As the baby grows (and me, ahem) and Ellie grows I can feel the deadline of the birth counting down. The day when my sweet, only baby who has had all of my and dad’s attention lavished solely on her will now be split with another soul.
It won’t be equal attention either, not for the first few months. My anxiety about how she will feel, both when I’m not at home for a few days for the birth (for the first time EVER away from her at night) and during the ‘new baby’ transition is growing too.
Last night I woke up in a cold sweat, the vestiges of a really bad dream still making my stomach turn in knots. You’re going to laugh but for some reason I left Ellie with Donald Trump.

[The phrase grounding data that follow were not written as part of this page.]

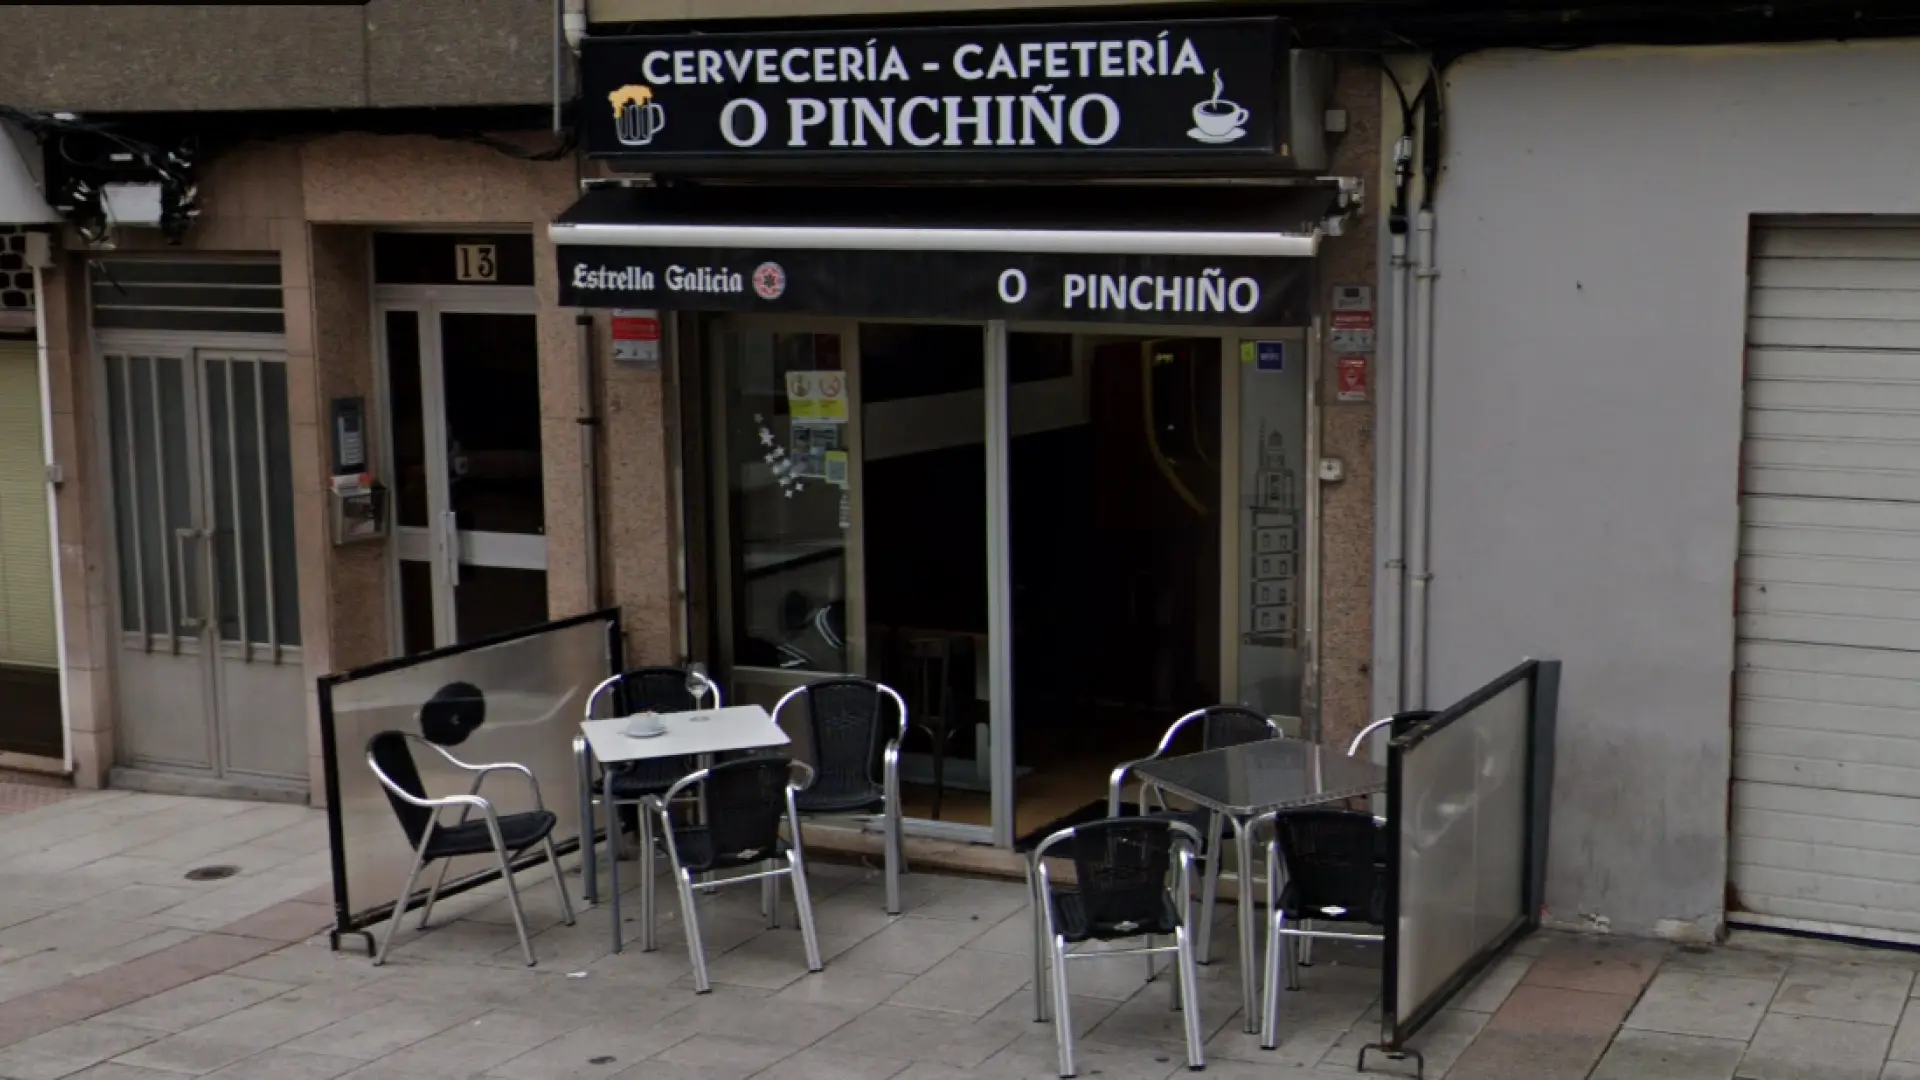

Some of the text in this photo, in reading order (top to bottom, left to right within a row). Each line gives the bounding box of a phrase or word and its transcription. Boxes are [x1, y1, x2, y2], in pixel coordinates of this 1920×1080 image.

[641, 39, 909, 85] CERVECERÍA
[952, 31, 1206, 80] CAFETERÍA
[720, 83, 1120, 147] O PINCHIÑO
[460, 247, 494, 278] 13
[572, 263, 743, 293] Estrella Galicia
[998, 268, 1260, 314] O PINCHIÑO

I was apparently still married to Bill but had been married to the Donald at some point (that’s enough of a bad dream right there but stay with me) and it was his ‘time’ with Ellie. Then we had a hail storm. And he lost her because she was scared and I wasn’t there. And his assistant found her. Then lost her again, outside IN the storm and I woke up still searching for her, running between turkey-sized hailstones frantically.

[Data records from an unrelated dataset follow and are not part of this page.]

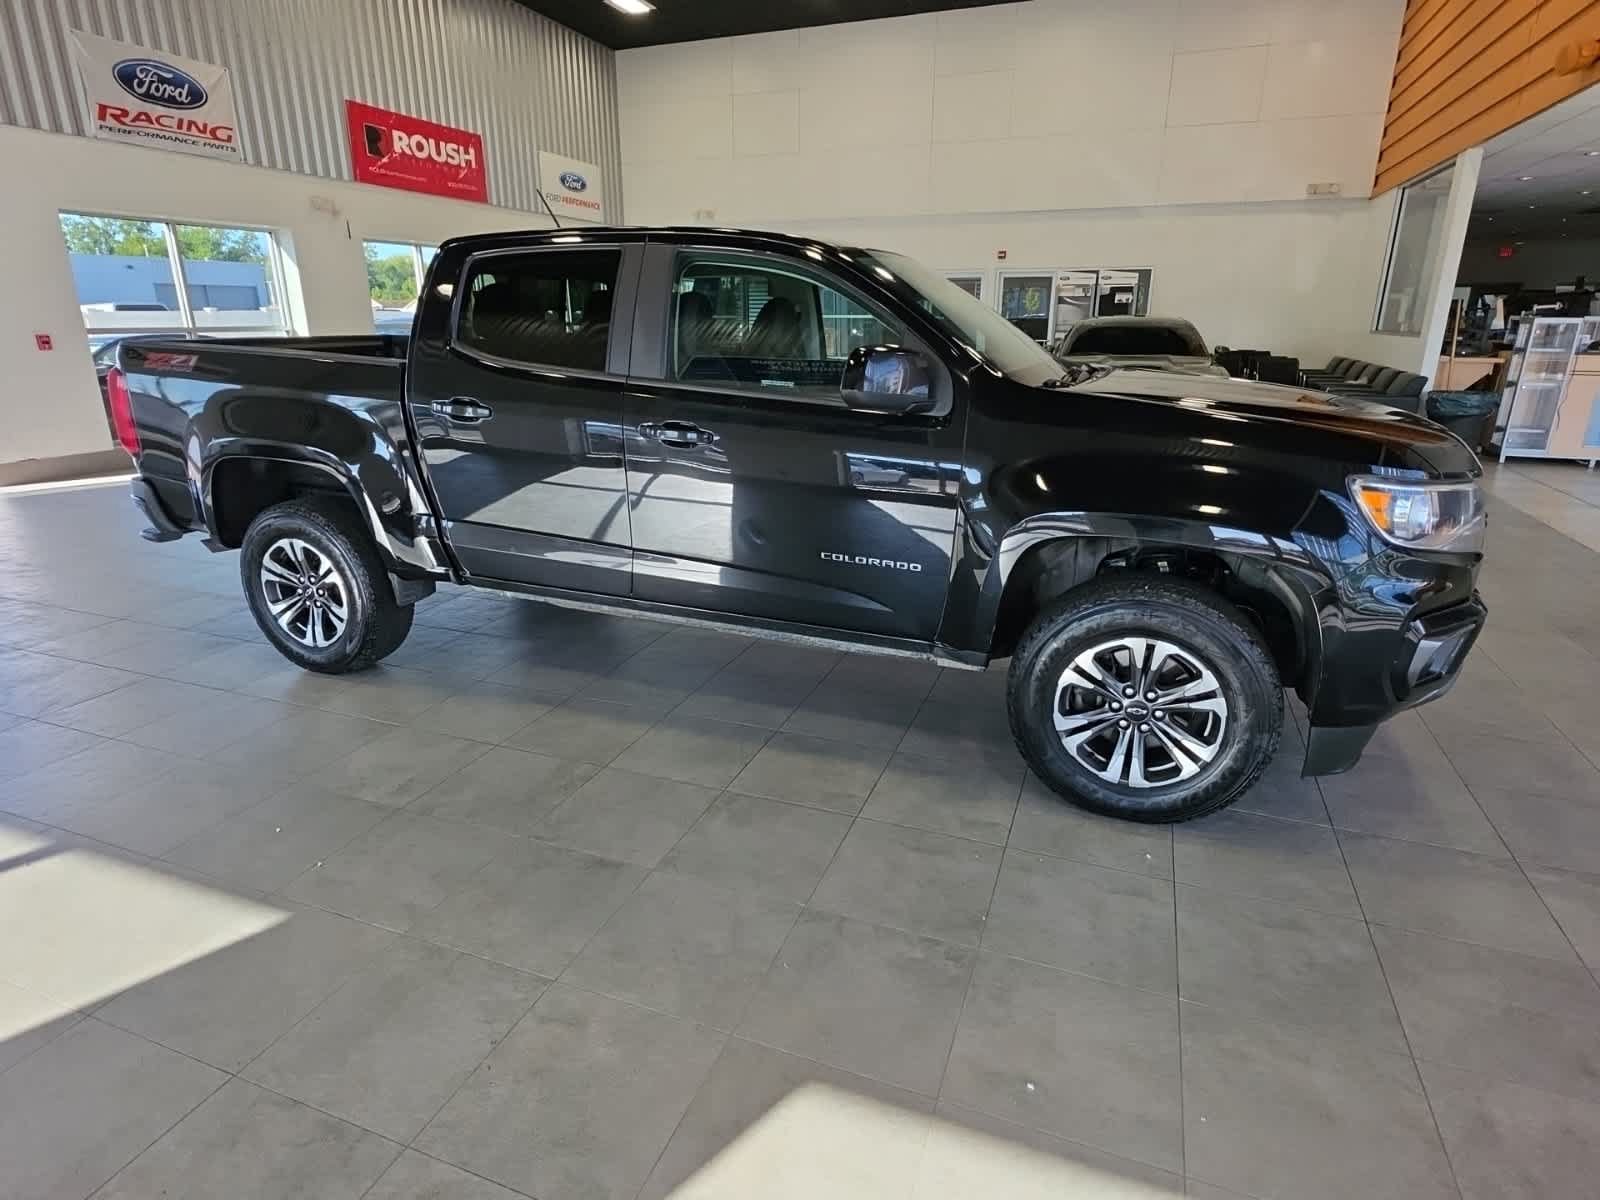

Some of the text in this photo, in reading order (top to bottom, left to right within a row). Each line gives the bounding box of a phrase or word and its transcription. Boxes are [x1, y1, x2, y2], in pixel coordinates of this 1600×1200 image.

[133, 65, 192, 104] Ford
[96, 102, 233, 144] RACING
[99, 124, 237, 153] PERFORMANCE PARTS
[391, 129, 476, 169] ROUSH
[820, 551, 922, 572] COLORADO

Sometimes if I have a bad dream I can imagine how it SHOULD have gone when I wake up (I found her, everything was fine) but this time I couldn’t even go back and think about it again.
Bill and I were talking about the plan for the birth day and the few days after right before we went to sleep so maybe tomorrow night we’ll talk about bunnies and rainbows before bed instead.
In any case, the anxiety I felt at 4am was much worse than now during the day. Everything always is when your ‘freak-out’ brain has full court and no distractions in the quiet hours of the night.
I remember a co-worker years ago telling me about a dream SHE had, her first baby was turning three and she was due in a few months. It was much along the same lines, anxiety over how the ‘baby’ was going to cope and how in the world one will be able to lavish love and attention on both and still stay sane at the end of the day. Doesn’t this one child take up your whole heart right now and more?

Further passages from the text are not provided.